Le déclin industriel français ne date pas d’hier. Les années s’ouvrent sur une chute brutale de la création manufacturière : -12, 5% entre le premier trimestre et le 4ème trimestre 93. L’économie française comme celles des autres pays avancés tombe en récession. Récession amplifiée, en France, par le durcissement de la politique monétaire : les taux d’utilité flambent et les entreprises comme les foyers doivent se désendetter d’urgence. Cela met à terre la construction, un débloqué majeur de l’industrie, ce qui renforce sa perte.

Mais les conditions de travail ne sont pas roses. En plus de la déqualification des tâches, la modification de la loi sociale ( augmentation de la durée légale du temps de travail, travail de nuit, etc. ) détériore les relations dans les ateliers. Des déplacements revendicatifs vont apparaître notamment en 1917 contre l’inégalité des salaires, la fatigue due aux cadences riches, l’absence d’initiative, la répétitivité des réflexes, etc. Pour atténuer les tensions, l’etat va créer pour les centres industriels de guerre des Comités permanents de conciliation et d’arbitrage régionaux élaboré de délégués ouvriers et de dirigeants. De leur côté, les industriels misent sur le paternalisme et essaient d’aider leurs ouvriers à s’ opposer les difficultés du quotidien en accompagnant le ravitaillement, le logement, ou la garde des enfants.

Latécoére inaugurait en mai dernier sa toute nouvelle usine 4. 0 à Montredon, dans la région toulousaine, une structure destinée à plaire surtout sa clientèle en réduisant soins de production des pièces faites.
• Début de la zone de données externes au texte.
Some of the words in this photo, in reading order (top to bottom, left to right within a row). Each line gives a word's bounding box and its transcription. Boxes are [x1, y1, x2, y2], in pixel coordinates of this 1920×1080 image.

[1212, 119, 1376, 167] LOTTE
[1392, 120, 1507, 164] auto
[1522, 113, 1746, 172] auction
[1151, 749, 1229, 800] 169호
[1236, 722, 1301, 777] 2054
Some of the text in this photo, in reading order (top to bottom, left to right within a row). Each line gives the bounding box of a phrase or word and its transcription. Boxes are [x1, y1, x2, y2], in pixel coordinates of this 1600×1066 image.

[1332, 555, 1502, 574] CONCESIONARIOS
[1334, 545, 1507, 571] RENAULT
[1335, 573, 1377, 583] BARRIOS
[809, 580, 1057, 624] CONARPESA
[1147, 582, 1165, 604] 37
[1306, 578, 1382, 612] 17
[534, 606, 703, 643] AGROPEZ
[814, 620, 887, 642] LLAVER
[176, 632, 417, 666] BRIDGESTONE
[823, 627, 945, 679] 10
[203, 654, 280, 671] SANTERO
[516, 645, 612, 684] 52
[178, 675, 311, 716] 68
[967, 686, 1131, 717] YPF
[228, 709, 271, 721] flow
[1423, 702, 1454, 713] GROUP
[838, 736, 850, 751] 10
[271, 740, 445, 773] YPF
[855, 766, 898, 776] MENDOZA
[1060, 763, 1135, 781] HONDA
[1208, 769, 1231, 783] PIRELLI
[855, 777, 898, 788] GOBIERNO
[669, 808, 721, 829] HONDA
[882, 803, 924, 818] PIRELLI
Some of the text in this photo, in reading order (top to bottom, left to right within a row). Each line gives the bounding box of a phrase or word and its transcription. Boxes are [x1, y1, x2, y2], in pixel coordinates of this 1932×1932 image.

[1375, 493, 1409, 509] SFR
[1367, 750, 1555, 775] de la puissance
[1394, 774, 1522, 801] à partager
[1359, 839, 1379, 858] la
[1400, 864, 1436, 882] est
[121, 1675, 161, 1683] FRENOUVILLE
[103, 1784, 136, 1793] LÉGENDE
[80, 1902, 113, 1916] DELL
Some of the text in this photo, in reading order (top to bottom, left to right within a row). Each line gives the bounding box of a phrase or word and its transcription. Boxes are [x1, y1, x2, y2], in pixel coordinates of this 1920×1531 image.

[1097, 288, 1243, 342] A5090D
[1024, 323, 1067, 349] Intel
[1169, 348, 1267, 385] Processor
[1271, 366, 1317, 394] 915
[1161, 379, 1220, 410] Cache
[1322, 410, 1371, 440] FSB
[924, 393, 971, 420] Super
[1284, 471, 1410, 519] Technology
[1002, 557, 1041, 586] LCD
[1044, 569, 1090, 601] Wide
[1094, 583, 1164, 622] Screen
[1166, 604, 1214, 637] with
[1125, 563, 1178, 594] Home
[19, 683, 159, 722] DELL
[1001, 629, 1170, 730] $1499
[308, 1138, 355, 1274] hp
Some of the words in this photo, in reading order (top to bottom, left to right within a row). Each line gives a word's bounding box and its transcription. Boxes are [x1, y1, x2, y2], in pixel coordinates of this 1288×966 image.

Au programme : des solutions RFID ( Radio Identification ), un suivi en temps réel des stocks, des opérations digitalisées avec certitude ( zéro papier ), une autonomie de 18h de ses machines et aussi un déchargement – chargement – contrôle des pièces robotisé. Cette smart factory représente avec ses 6000m2 37 centaines de milliers d’euros d’investissement et est désormais le symbole de la modernité de Latécoère. Totalement digitalisée et connectée, la société vante même le jumeau numérique de son nouveau centre de fabrication, une plateforme permettant la simulation continue des flux de génération et des problèmes sur l’optimisation de l’atelier la traçabilité des pièces ou bien encore la planification de la sécurité.